Activity:
Give the entries below again exactly. Their pictures are not needed.

Data:
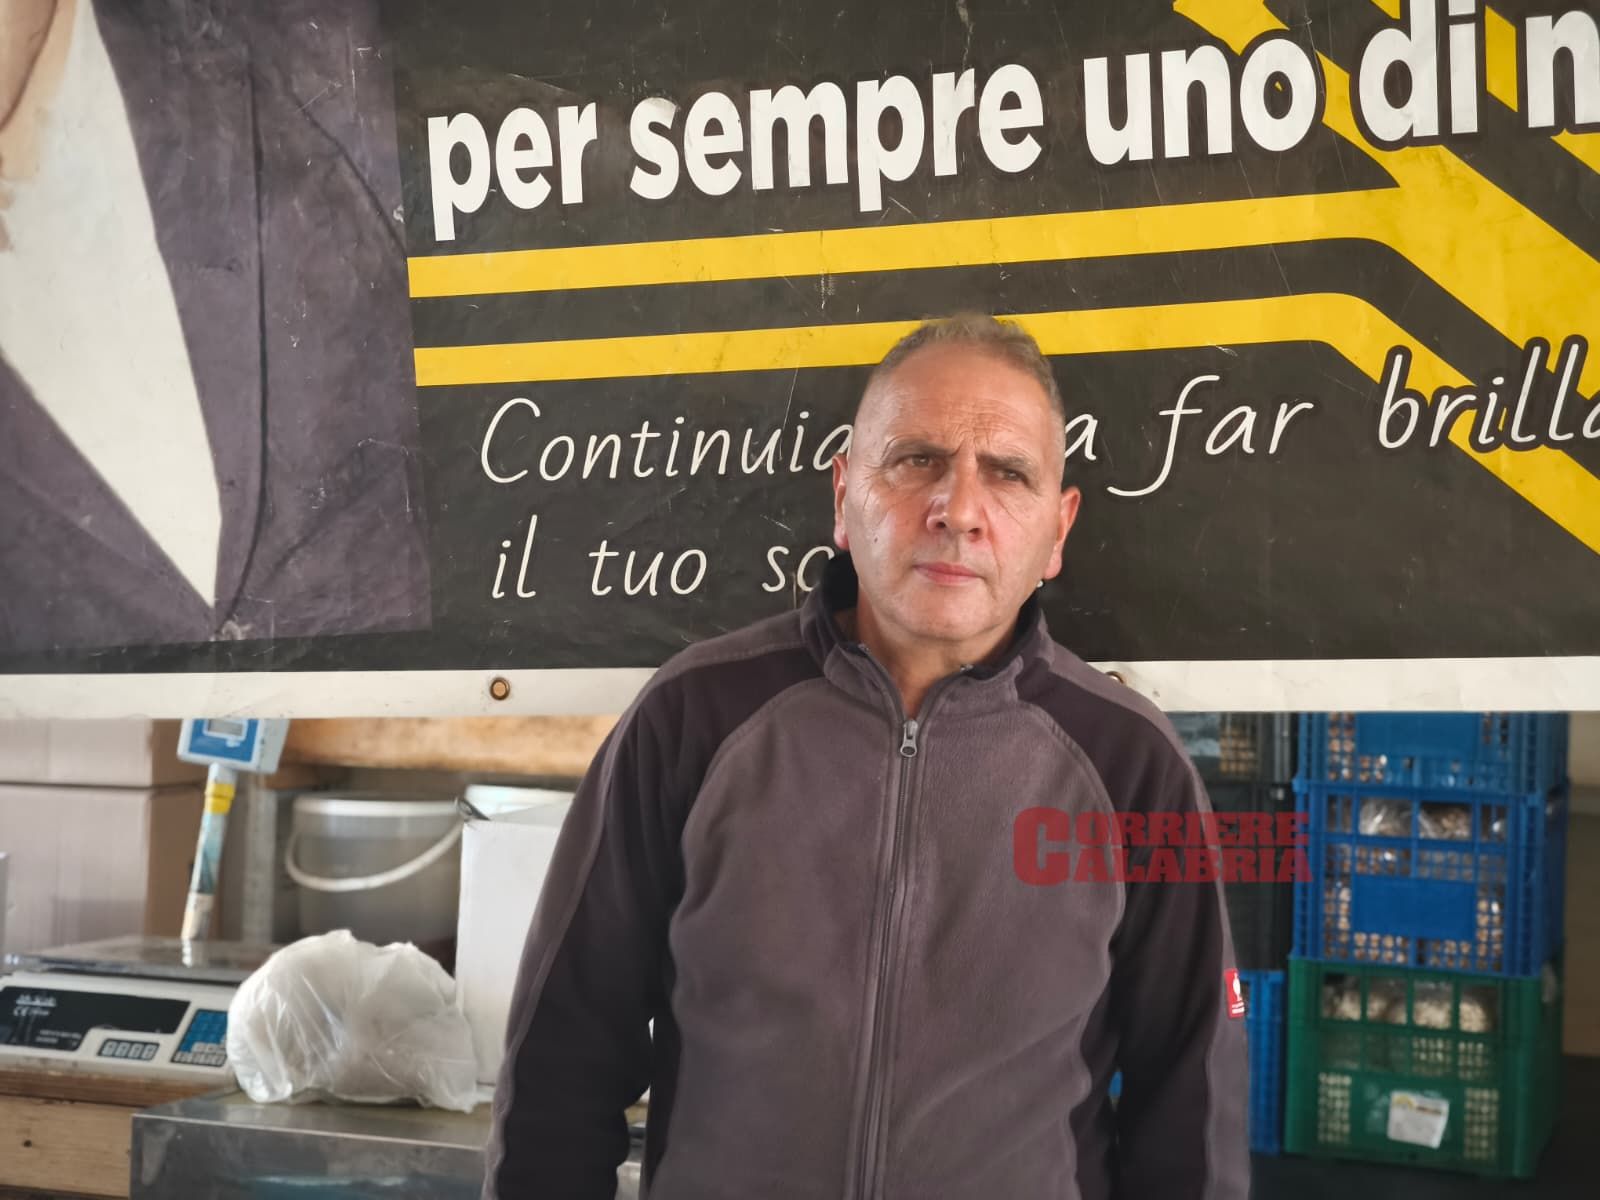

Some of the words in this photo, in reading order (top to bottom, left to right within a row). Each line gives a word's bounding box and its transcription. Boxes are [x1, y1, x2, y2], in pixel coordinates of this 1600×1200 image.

[427, 102, 598, 242] per
[629, 63, 1044, 213] sempre
[1083, 38, 1317, 165] uno
[1358, 0, 1478, 142] di
[481, 397, 854, 484] Continuia
[1106, 374, 1314, 497] far
[491, 514, 538, 599] il
[588, 539, 707, 597] tuo

Answer to the exercise:
Some of the words in this photo, in reading order (top to bottom, left to right within a row). Each line gives a word's bounding box and its transcription. Boxes are [x1, y1, x2, y2], in pixel coordinates of this 1600×1200 image.

[427, 102, 598, 242] per
[629, 63, 1044, 213] sempre
[1083, 38, 1317, 165] uno
[1358, 0, 1478, 142] di
[481, 397, 854, 484] Continuia
[1106, 374, 1314, 497] far
[491, 514, 538, 599] il
[588, 539, 707, 597] tuo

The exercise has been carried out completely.